Repeat each entry as written and leave the images out of the copy.

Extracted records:
*** Begin section ***

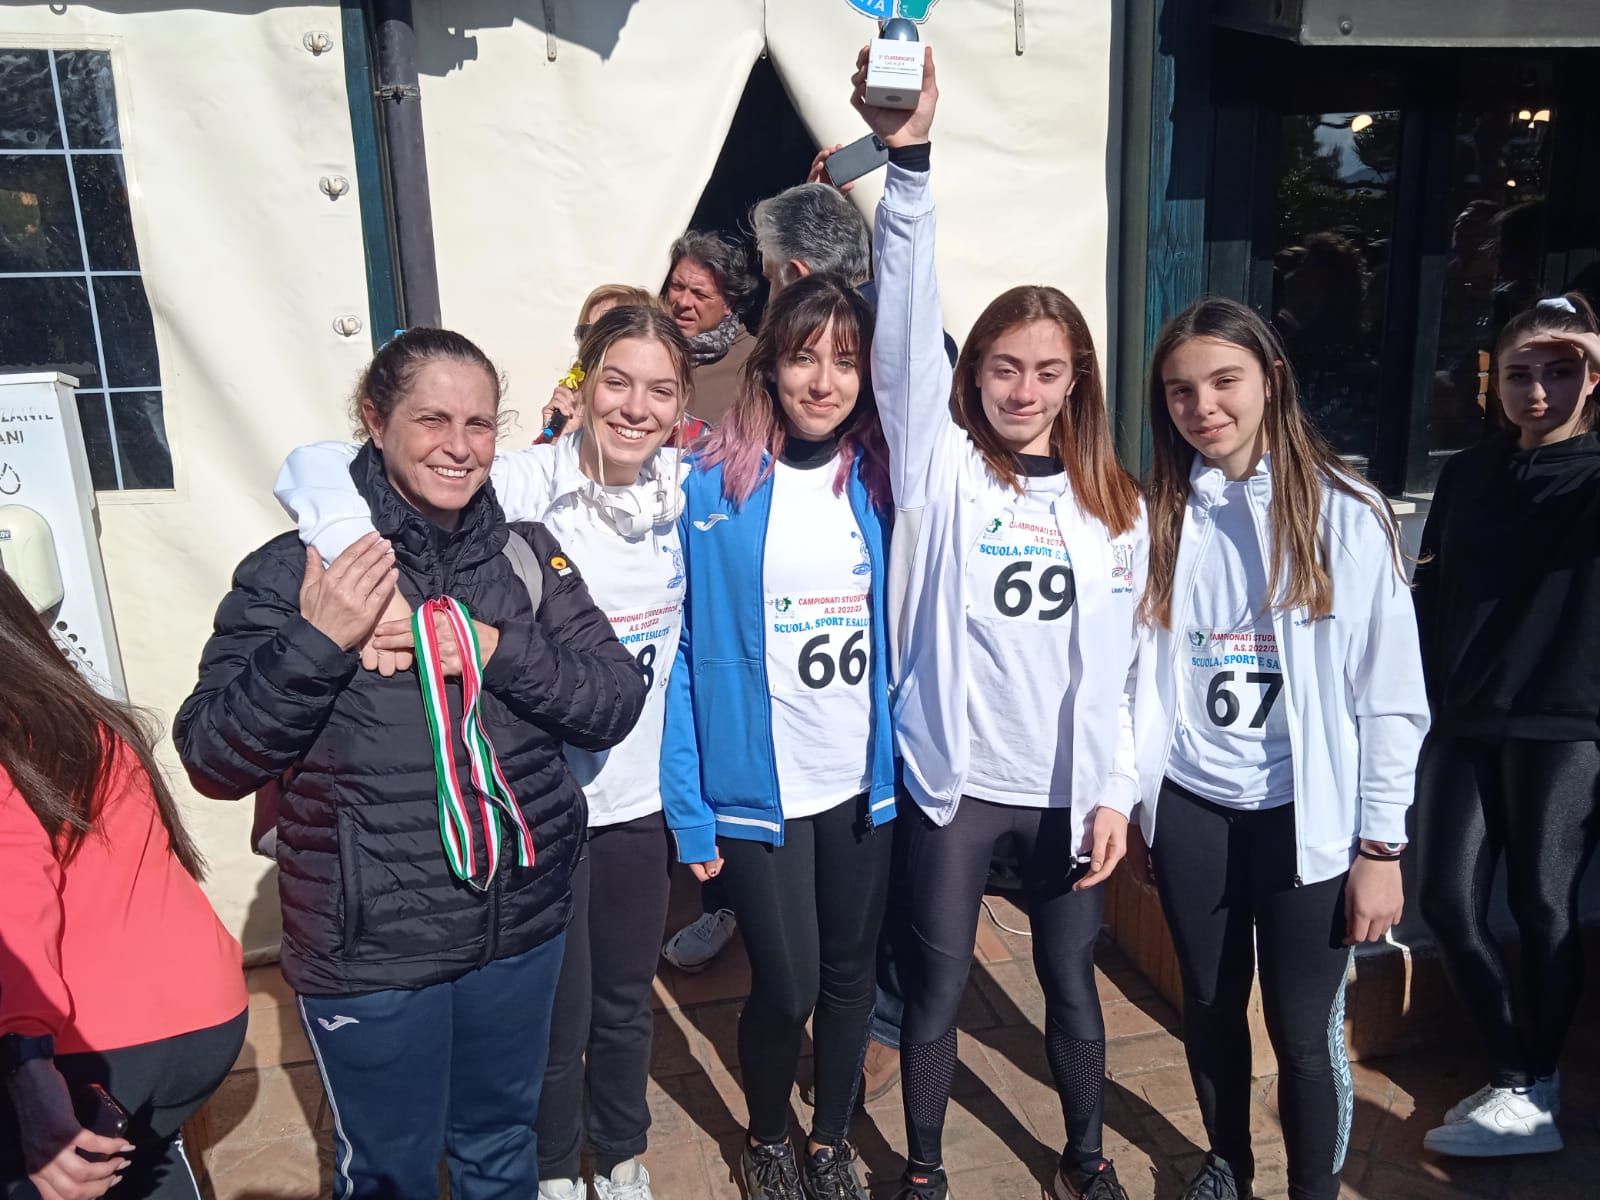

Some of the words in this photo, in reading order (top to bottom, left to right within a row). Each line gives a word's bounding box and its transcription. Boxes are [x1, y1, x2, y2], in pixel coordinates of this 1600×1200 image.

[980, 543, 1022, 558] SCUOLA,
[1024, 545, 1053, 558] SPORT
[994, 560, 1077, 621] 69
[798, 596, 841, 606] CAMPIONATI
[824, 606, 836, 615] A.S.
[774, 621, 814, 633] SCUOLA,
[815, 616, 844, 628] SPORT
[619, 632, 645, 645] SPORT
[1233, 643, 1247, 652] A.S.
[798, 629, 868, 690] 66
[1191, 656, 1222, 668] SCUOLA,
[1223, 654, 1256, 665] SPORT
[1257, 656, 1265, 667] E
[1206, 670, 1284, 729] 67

*** End section ***

### Your response
Some of the words in this photo, in reading order (top to bottom, left to right within a row). Each line gives a word's bounding box and its transcription. Boxes are [x1, y1, x2, y2], in pixel coordinates of this 1600×1200 image.

[980, 543, 1022, 558] SCUOLA,
[1024, 545, 1053, 558] SPORT
[994, 560, 1077, 621] 69
[798, 596, 841, 606] CAMPIONATI
[824, 606, 836, 615] A.S.
[774, 621, 814, 633] SCUOLA,
[815, 616, 844, 628] SPORT
[619, 632, 645, 645] SPORT
[1233, 643, 1247, 652] A.S.
[798, 629, 868, 690] 66
[1191, 656, 1222, 668] SCUOLA,
[1223, 654, 1256, 665] SPORT
[1257, 656, 1265, 667] E
[1206, 670, 1284, 729] 67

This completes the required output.